Saved data entries
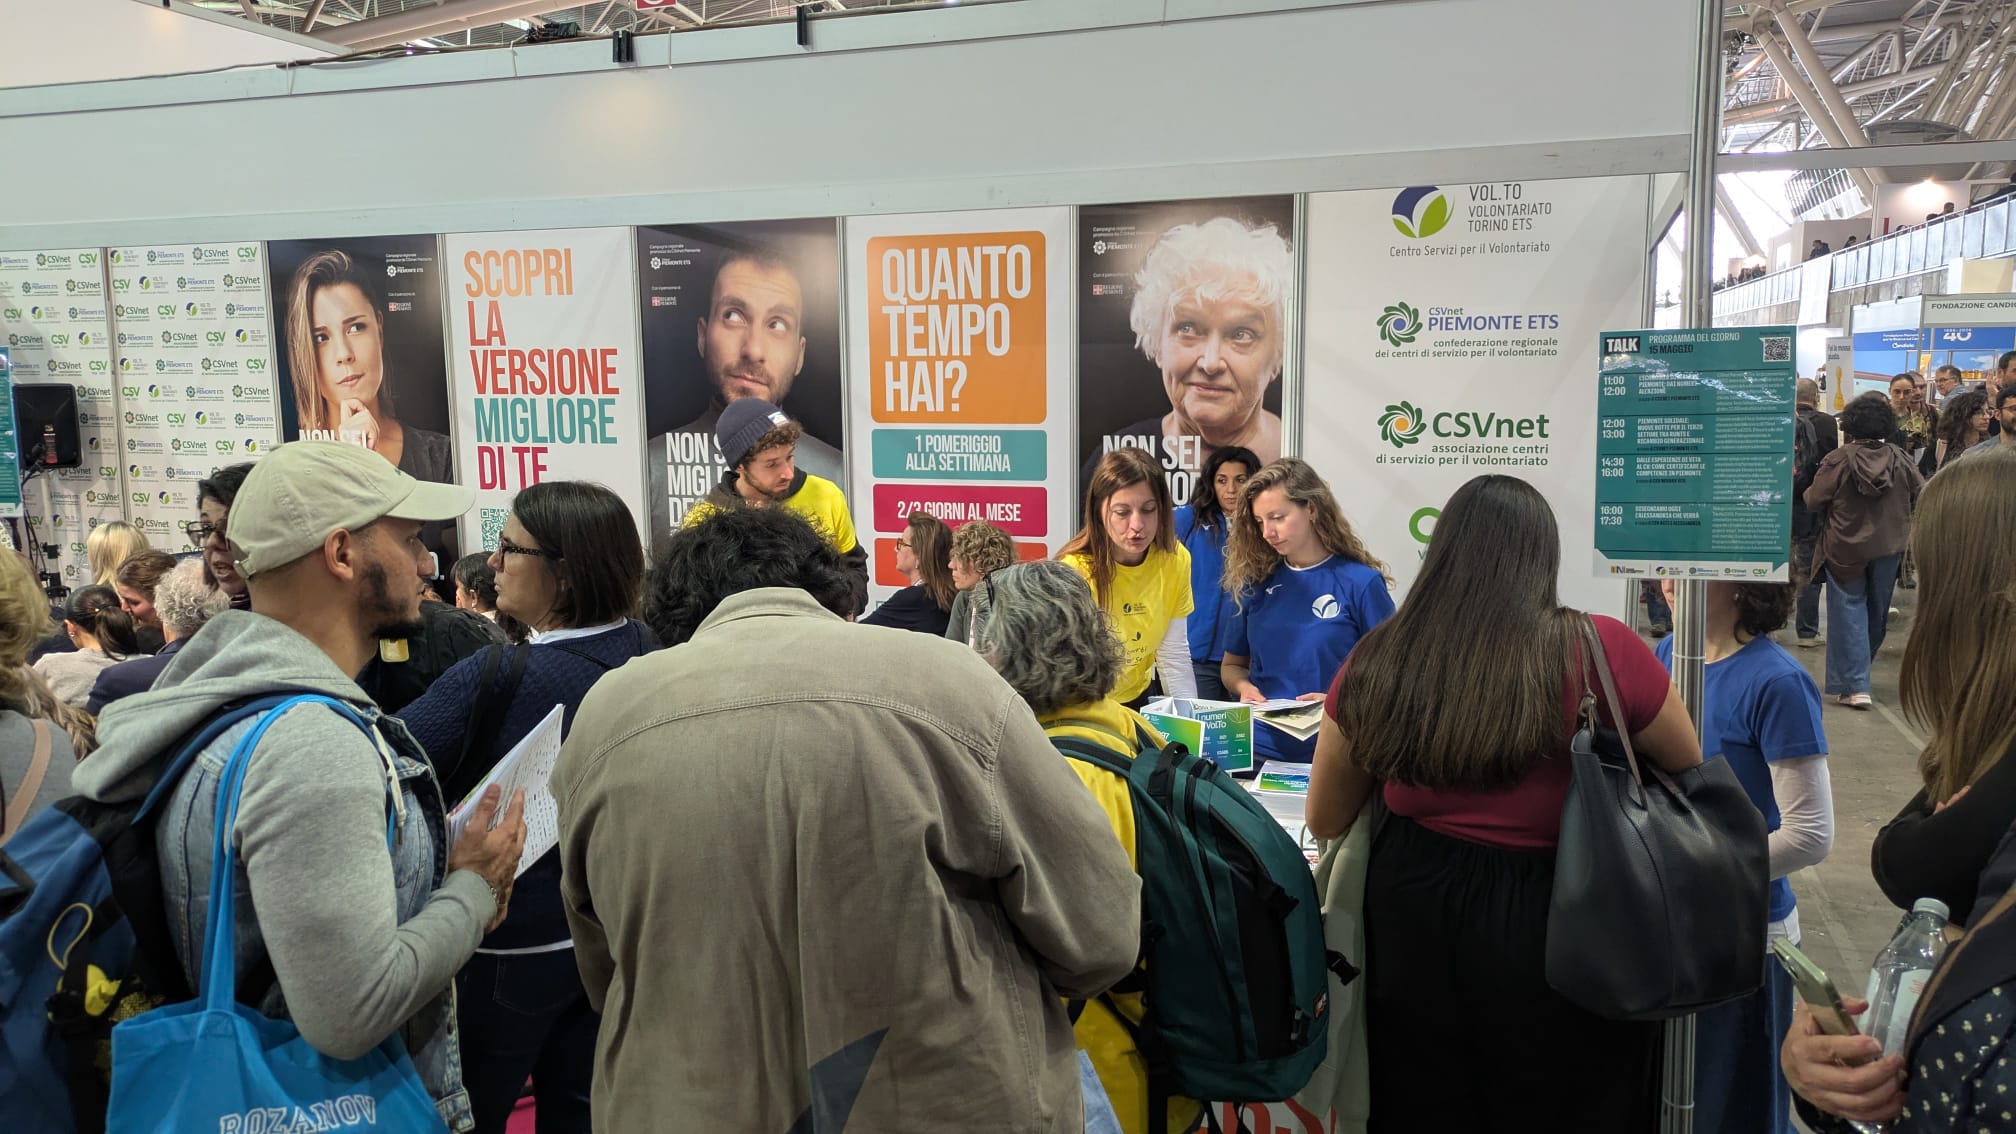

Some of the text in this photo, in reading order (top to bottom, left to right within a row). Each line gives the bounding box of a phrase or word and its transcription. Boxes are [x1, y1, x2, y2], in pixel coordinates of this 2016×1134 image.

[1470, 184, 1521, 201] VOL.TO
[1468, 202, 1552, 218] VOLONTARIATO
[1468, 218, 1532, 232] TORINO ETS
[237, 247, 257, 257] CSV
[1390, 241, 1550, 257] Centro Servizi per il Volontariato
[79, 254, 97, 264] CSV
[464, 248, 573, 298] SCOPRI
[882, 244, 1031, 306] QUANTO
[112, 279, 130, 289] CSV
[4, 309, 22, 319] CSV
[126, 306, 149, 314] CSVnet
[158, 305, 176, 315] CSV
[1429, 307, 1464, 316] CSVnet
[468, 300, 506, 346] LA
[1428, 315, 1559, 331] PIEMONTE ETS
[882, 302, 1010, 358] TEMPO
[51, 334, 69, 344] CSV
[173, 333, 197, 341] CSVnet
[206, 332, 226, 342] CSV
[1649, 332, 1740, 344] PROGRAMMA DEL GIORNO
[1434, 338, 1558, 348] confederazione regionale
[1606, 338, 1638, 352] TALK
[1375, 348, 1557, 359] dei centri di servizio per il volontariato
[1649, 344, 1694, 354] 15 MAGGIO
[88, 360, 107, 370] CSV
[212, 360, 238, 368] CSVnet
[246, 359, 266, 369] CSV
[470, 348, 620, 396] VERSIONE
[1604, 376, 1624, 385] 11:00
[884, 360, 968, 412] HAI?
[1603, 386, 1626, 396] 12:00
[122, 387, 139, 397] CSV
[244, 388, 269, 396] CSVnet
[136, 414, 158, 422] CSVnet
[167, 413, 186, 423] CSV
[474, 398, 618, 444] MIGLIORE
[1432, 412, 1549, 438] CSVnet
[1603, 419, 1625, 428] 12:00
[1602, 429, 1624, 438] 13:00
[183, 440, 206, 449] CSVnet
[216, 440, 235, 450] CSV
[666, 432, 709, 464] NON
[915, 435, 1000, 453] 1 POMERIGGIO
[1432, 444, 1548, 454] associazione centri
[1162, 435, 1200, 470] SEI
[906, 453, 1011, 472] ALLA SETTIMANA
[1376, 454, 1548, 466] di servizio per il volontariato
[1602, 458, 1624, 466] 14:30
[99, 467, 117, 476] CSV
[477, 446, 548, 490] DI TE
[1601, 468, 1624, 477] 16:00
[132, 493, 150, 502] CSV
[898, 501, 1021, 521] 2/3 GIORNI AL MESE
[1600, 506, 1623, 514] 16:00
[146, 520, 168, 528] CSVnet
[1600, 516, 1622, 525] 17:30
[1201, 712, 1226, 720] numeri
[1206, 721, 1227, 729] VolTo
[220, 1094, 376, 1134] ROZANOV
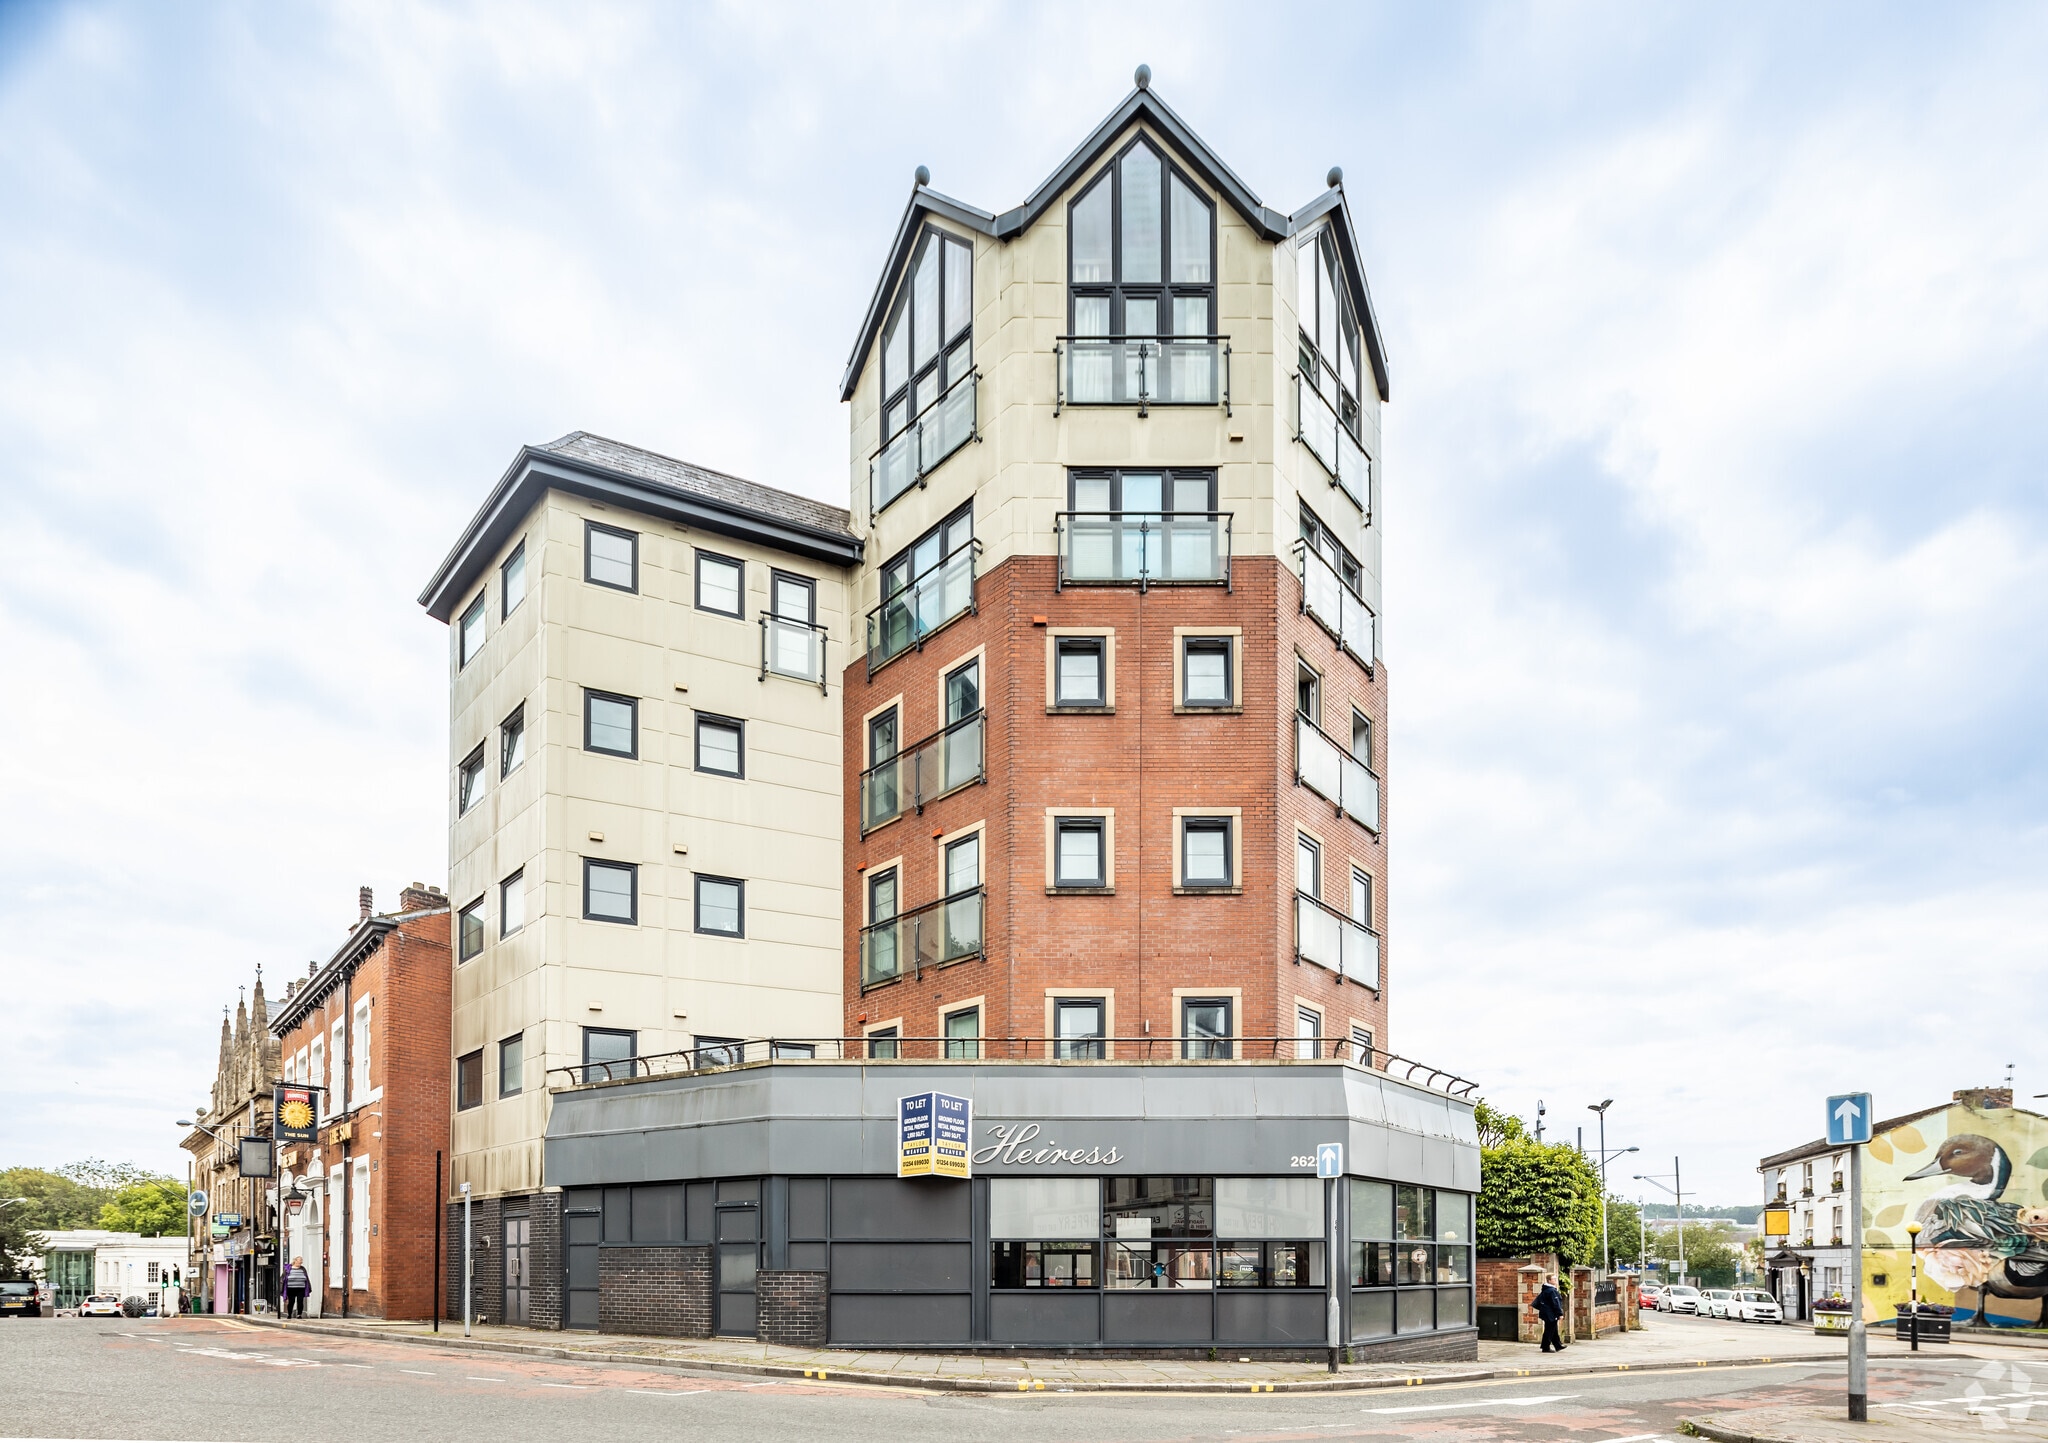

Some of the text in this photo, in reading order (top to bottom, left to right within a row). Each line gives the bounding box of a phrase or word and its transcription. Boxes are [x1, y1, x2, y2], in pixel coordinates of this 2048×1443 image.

_What is needed_
Pictures must be left out when the records are transcribed exactly.

_Your solution_
Some of the text in this photo, in reading order (top to bottom, left to right within a row). Each line gives the bounding box of a phrase or word and its transcription. Boxes are [x1, y1, x2, y2], in pixel coordinates of this 2016×1134 image.

[1470, 184, 1521, 201] VOL.TO
[1468, 202, 1552, 218] VOLONTARIATO
[1468, 218, 1532, 232] TORINO ETS
[237, 247, 257, 257] CSV
[1390, 241, 1550, 257] Centro Servizi per il Volontariato
[79, 254, 97, 264] CSV
[464, 248, 573, 298] SCOPRI
[882, 244, 1031, 306] QUANTO
[112, 279, 130, 289] CSV
[4, 309, 22, 319] CSV
[126, 306, 149, 314] CSVnet
[158, 305, 176, 315] CSV
[1429, 307, 1464, 316] CSVnet
[468, 300, 506, 346] LA
[1428, 315, 1559, 331] PIEMONTE ETS
[882, 302, 1010, 358] TEMPO
[51, 334, 69, 344] CSV
[173, 333, 197, 341] CSVnet
[206, 332, 226, 342] CSV
[1649, 332, 1740, 344] PROGRAMMA DEL GIORNO
[1434, 338, 1558, 348] confederazione regionale
[1606, 338, 1638, 352] TALK
[1375, 348, 1557, 359] dei centri di servizio per il volontariato
[1649, 344, 1694, 354] 15 MAGGIO
[88, 360, 107, 370] CSV
[212, 360, 238, 368] CSVnet
[246, 359, 266, 369] CSV
[470, 348, 620, 396] VERSIONE
[1604, 376, 1624, 385] 11:00
[884, 360, 968, 412] HAI?
[1603, 386, 1626, 396] 12:00
[122, 387, 139, 397] CSV
[244, 388, 269, 396] CSVnet
[136, 414, 158, 422] CSVnet
[167, 413, 186, 423] CSV
[474, 398, 618, 444] MIGLIORE
[1432, 412, 1549, 438] CSVnet
[1603, 419, 1625, 428] 12:00
[1602, 429, 1624, 438] 13:00
[183, 440, 206, 449] CSVnet
[216, 440, 235, 450] CSV
[666, 432, 709, 464] NON
[915, 435, 1000, 453] 1 POMERIGGIO
[1432, 444, 1548, 454] associazione centri
[1162, 435, 1200, 470] SEI
[906, 453, 1011, 472] ALLA SETTIMANA
[1376, 454, 1548, 466] di servizio per il volontariato
[1602, 458, 1624, 466] 14:30
[99, 467, 117, 476] CSV
[477, 446, 548, 490] DI TE
[1601, 468, 1624, 477] 16:00
[132, 493, 150, 502] CSV
[898, 501, 1021, 521] 2/3 GIORNI AL MESE
[1600, 506, 1623, 514] 16:00
[146, 520, 168, 528] CSVnet
[1600, 516, 1622, 525] 17:30
[1201, 712, 1226, 720] numeri
[1206, 721, 1227, 729] VolTo
[220, 1094, 376, 1134] ROZANOV

Some of the text in this photo, in reading order (top to bottom, left to right within a row). Each line gives the bounding box of a phrase or word and its transcription. Boxes are [x1, y1, x2, y2], in pixel coordinates of this 2048×1443 image.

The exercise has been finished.